In summary, how to effectively solve the problem of difficult heat conduction under the condition of convenient installation of the heating chip is a problem which needs to be solved by the skilled person in the art.

Disclosure of Invention

In view of the above, a first object of the present utility model is to provide a housing of a transceiver module, which can effectively solve the problem of difficult heat conduction due to the convenience of mounting a heat generating chip, and a second object of the present utility model is to provide a transceiver module including the housing.

In order to achieve the first object, the present utility model provides the following technical solutions:

the utility model provides a receiving and dispatching subassembly's casing is provided with the cavity that is used for placing electronic component, just the cavity be provided with be used for with the electronic component generates heat the heat sink welding face of chip heat conduction, be provided with the partition wall in the cavity in order to be used for separating a plurality of generate heat the chip, the partition wall is in generate heat the chip thickness direction protrusion and be the platform type and can follow the platform to the external heat conduction, the partition wall with heat sink between the welding face.

In the shell of the receiving and transmitting assembly, when the receiving and transmitting assembly is installed, reverse installation is not needed, because the partition wall protrudes in the thickness direction of the heating chip, the heat of the heating chip can be guided to the other side through the partition wall, and therefore the installation convenience is guaranteed. And in the limited space of cavity volume, set up the partition wall into the platform formula to form the great mesa of area, with partition wall and heat sink welding face heat conduction contact simultaneously, so that the partition wall can absorb the heat that generates heat the chip direction heat sink welding face, and the partition wall is because being the platform formula again, can be quick with the heat dissipation from the mesa, in order to satisfy the heat dissipation needs. Meanwhile, in conclusion, the shell can effectively solve the problem that the heat conduction is difficult when the heating chip is convenient to install.

In some embodiments, the housing includes a channel structure and a cover plate that closes a notch of the channel structure, and a channel cavity of the channel structure is the cavity.

In some embodiments, the heat sink welding surface and the table top of the partition wall face the cover plate.

In some embodiments, the mesa is provided with a connection hole.

In some embodiments, the connecting hole is a threaded hole.

In some embodiments, the cavity wall of the groove structure has a shoulder surface for supporting the heat dissipation plate, and the shoulder surface is coplanar with the mesa.

In some embodiments, the partition wall extends from a first side cavity wall of the groove-shaped structure to a middle portion of the cavity, the first side cavity wall being provided with a mounting hole for passing through a connector corresponding to the heat generating chip.
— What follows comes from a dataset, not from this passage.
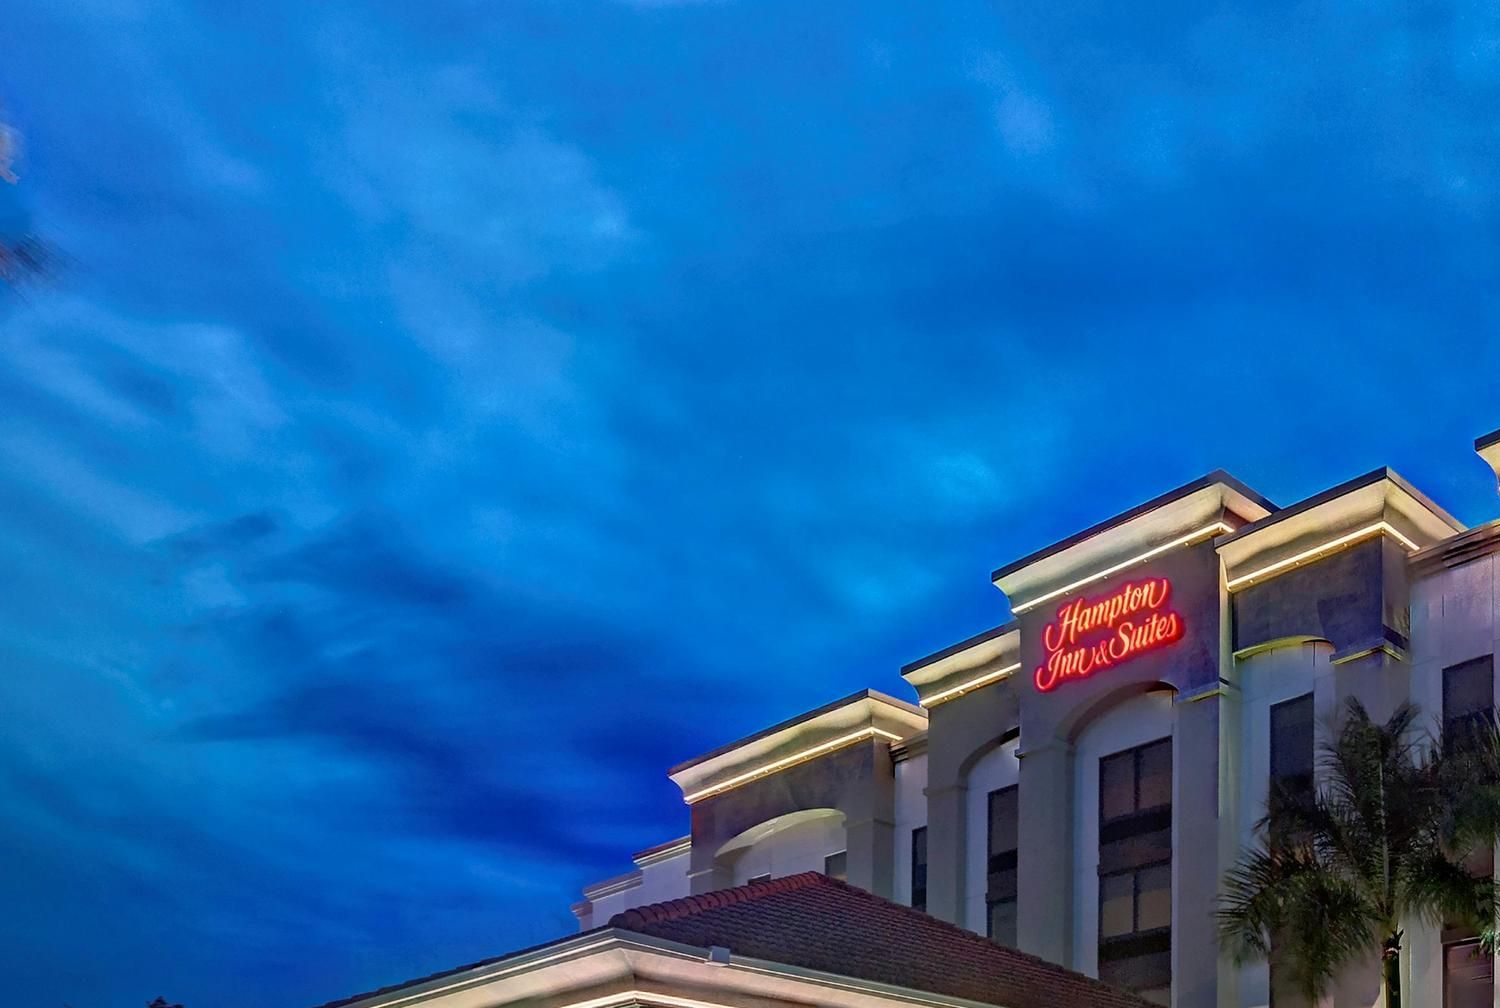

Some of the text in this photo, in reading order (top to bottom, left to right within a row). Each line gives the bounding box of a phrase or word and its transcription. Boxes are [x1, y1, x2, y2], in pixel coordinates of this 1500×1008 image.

In some embodiments, the partition wall is integrally formed with the channel structure.

In some technical schemes, a boss is arranged in the middle of a second side cavity wall of the groove-shaped structural body, a shoulder surface is arranged on the boss, and the second side cavity wall is arranged opposite to the first side cavity wall; the second side cavity wall is provided with a first side section part used for installing a mounting slot hole of the low-frequency connector in the two side section parts of the boss, and the second side section part is concavely arranged so that the wall thickness is lower than that of the first side section part.

In order to achieve the second object, the utility model also provides a transceiver component, which comprises any one of the shells and a heat dissipation plate, wherein the heat dissipation plate is in heat conduction contact with the partition wall table-board in the shell. Because the above-mentioned shell has the above-mentioned technical effects, the transceiver component with this shell should also have corresponding technical effects.

Drawings

In order to more clearly illustrate the embodiments of the utility model or the technical solutions in the prior art, the drawings that are required in the embodiments or the description of the prior art will be briefly described, it being obvious that the drawings in the following description are only some embodiments of the utility model, and that other drawings may be obtained according to these drawings without inventive effort for a person skilled in the art.

Fig. 1 is a schematic three-dimensional structure of a housing of a transceiver module according to an embodiment of the present disclosure;

fig. 2 is a schematic diagram of another directional structure of a housing of a transceiver module according to an embodiment of the present disclosure;

fig. 3 is a schematic cross-sectional view of a transceiver module through a partition wall according to an embodiment of the present disclosure;

fig. 4 is a schematic cross-sectional structure of a transceiver module according to an embodiment of the present utility model at a welding surface of a heat sink;

fig. 5 is a schematic cross-sectional structure of a transceiver module according to an embodiment of the present utility model.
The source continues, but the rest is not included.